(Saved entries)
────────

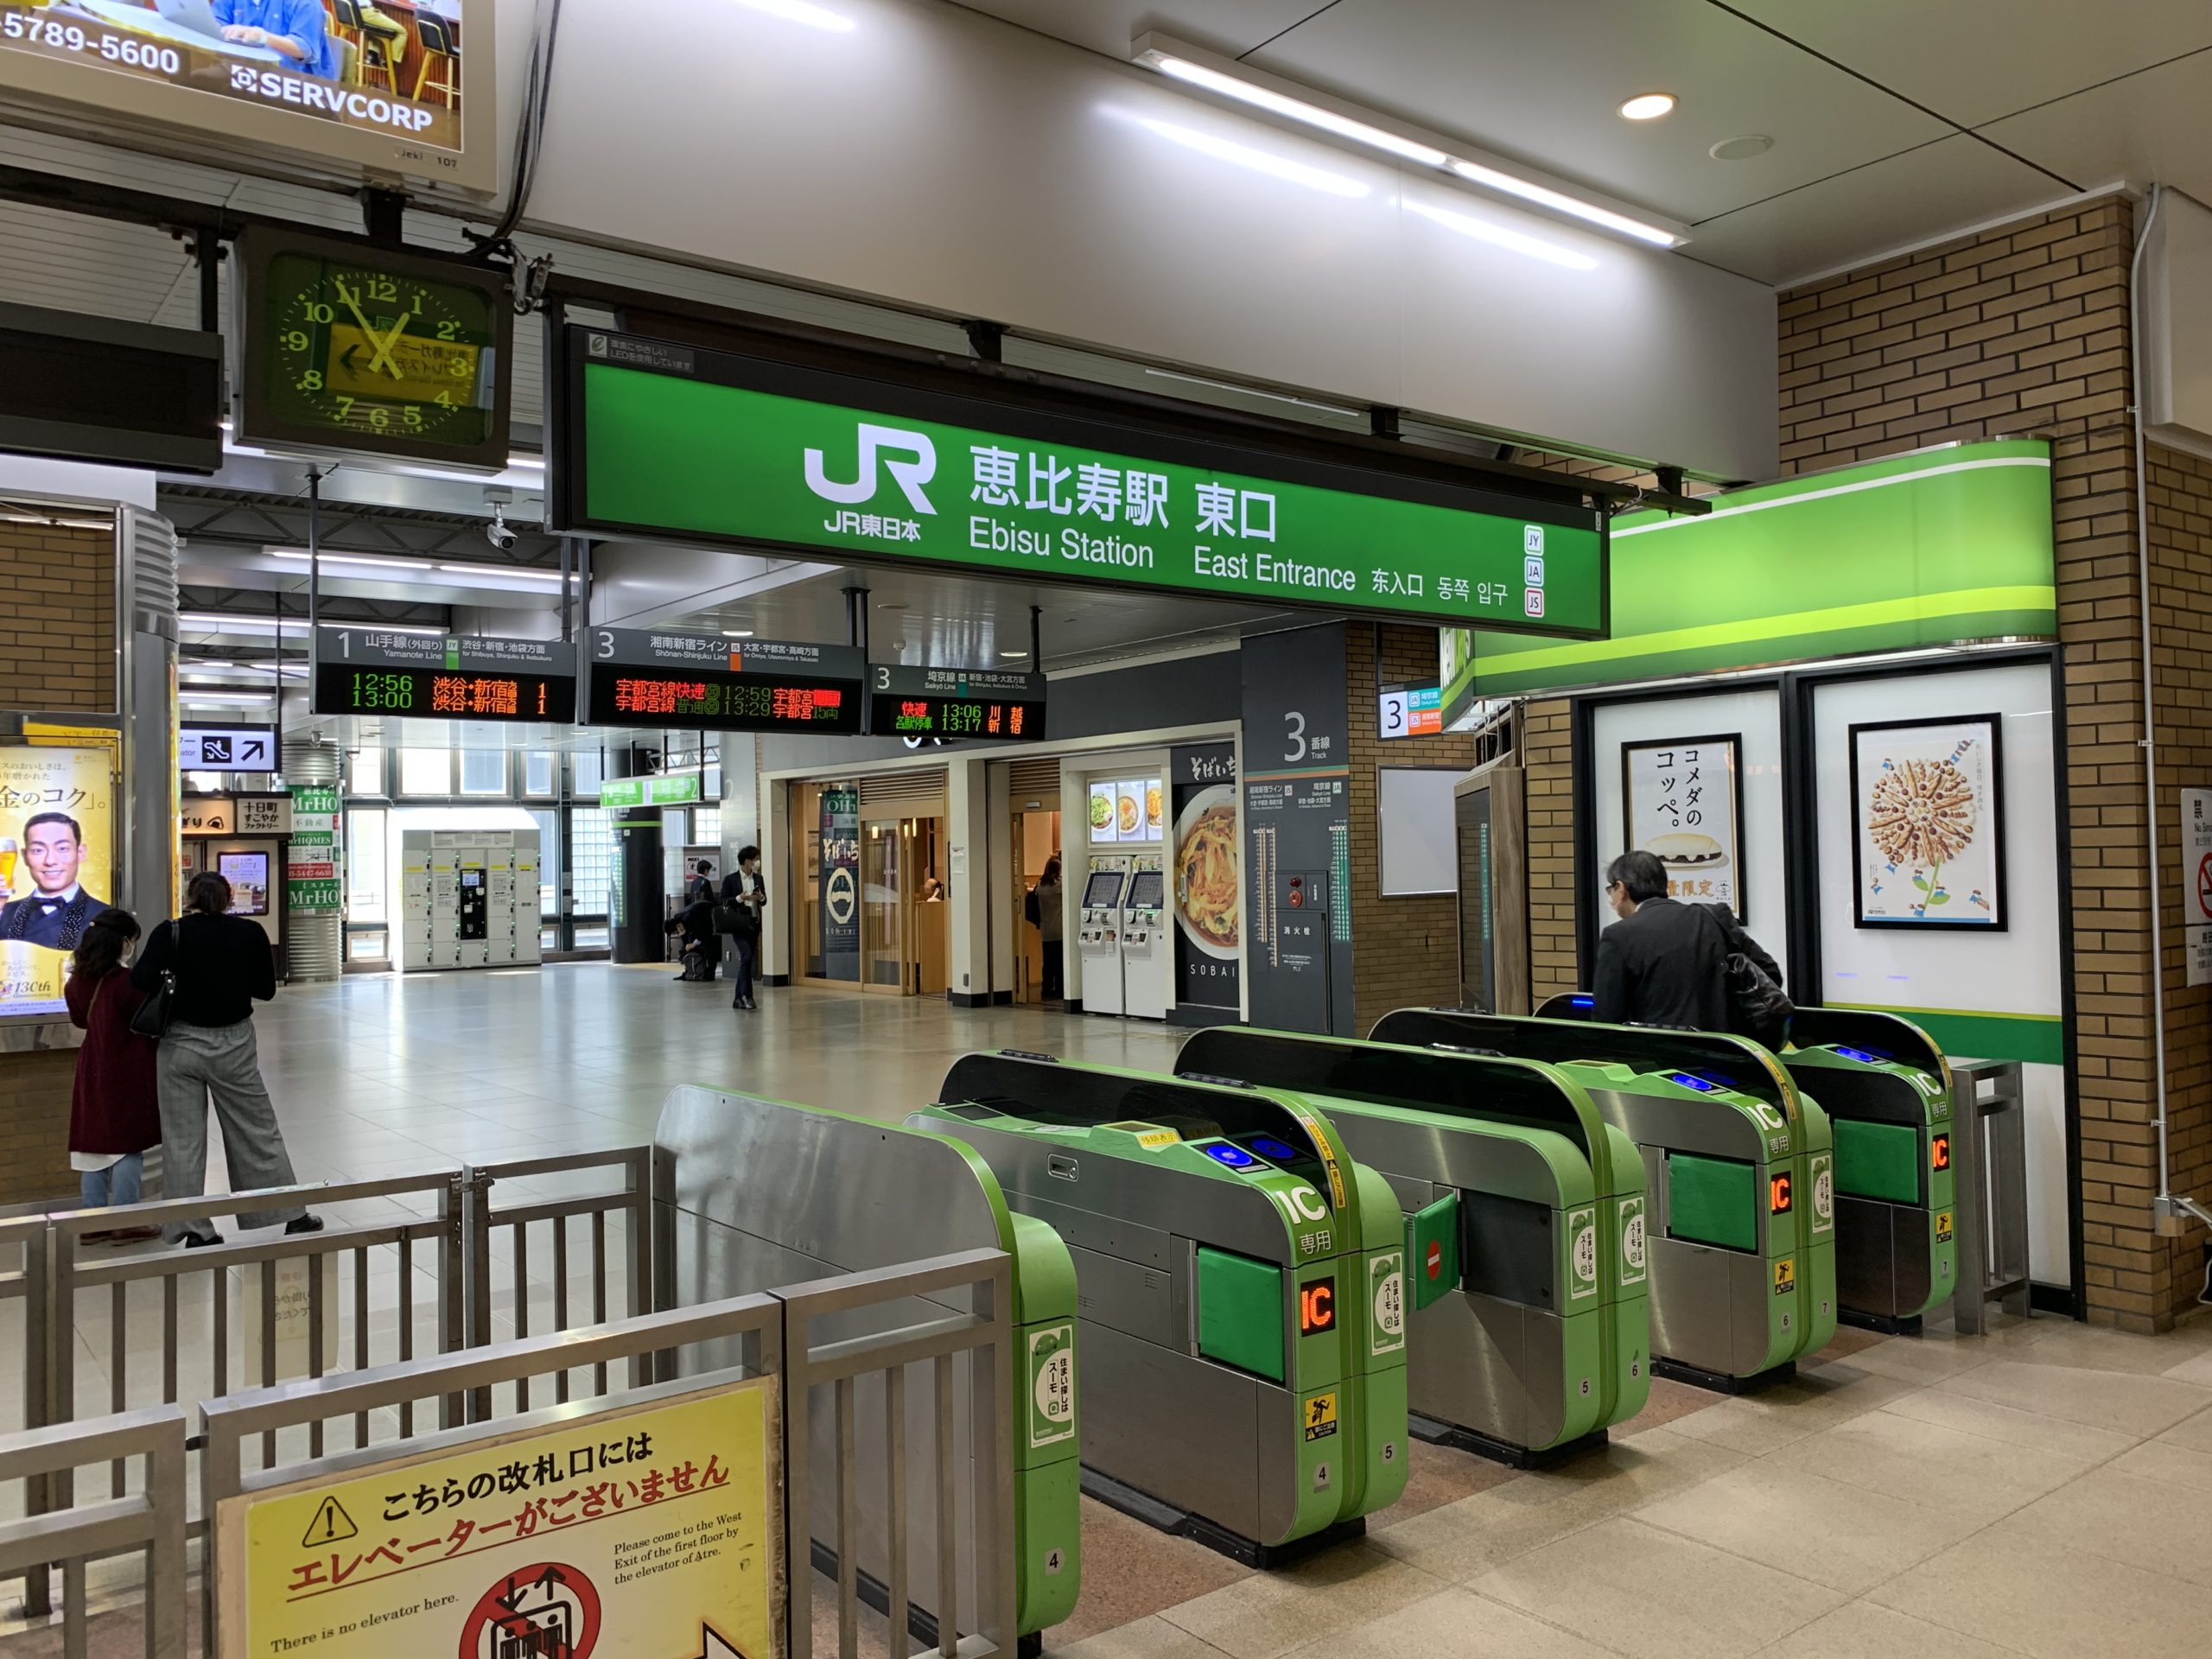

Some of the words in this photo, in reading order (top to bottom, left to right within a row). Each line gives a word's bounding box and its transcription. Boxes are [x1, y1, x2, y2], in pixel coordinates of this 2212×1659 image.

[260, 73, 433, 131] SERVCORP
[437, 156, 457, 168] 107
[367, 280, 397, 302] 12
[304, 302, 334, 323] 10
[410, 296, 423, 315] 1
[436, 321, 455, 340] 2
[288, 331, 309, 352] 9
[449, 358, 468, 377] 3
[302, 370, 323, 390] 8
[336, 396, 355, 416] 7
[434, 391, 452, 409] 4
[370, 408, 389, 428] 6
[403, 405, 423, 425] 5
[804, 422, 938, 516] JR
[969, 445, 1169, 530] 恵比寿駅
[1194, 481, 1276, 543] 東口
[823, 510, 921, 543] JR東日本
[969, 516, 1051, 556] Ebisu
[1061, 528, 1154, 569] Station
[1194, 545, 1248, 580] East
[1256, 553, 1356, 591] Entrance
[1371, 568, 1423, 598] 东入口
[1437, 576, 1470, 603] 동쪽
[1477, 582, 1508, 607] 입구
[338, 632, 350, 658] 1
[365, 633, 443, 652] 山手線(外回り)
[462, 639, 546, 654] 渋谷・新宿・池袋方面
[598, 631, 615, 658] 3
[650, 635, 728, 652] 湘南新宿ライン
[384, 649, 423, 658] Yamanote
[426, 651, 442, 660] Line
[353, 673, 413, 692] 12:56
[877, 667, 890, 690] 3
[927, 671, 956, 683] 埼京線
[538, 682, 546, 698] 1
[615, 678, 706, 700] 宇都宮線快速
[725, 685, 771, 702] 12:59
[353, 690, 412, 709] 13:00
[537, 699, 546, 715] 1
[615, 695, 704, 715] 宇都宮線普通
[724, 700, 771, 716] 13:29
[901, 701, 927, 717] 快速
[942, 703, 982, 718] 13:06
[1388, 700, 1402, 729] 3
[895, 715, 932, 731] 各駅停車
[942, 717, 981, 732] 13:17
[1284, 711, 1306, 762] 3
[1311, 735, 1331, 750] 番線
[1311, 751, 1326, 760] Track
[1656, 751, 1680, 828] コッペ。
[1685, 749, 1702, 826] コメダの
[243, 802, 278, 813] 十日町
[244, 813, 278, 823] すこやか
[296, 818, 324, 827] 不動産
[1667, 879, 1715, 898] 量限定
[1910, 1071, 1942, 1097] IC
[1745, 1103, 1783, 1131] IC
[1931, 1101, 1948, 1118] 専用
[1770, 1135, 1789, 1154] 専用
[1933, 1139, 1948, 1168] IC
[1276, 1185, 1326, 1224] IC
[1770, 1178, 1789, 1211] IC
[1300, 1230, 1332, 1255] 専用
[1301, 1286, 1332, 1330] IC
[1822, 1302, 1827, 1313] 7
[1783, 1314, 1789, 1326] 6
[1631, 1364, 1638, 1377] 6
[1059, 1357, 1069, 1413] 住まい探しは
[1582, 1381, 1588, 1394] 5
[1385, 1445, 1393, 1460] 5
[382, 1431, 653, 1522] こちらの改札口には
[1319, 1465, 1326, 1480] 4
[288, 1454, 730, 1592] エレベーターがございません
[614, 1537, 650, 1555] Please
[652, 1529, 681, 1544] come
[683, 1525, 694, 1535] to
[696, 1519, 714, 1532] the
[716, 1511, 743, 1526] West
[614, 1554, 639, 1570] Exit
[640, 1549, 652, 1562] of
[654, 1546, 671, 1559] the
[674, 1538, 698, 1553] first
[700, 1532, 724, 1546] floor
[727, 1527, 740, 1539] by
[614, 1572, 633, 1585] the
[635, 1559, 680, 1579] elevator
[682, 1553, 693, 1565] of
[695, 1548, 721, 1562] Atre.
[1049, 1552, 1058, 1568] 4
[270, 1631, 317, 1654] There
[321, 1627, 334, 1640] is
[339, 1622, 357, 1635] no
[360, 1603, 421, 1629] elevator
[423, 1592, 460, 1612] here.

────────

YOUR ASSIGNMENT:
As you read the records above, find each line that contains "elevator" and copy it.

OUTPUT OF THE EXERCISE:
[635, 1559, 680, 1579] elevator
[360, 1603, 421, 1629] elevator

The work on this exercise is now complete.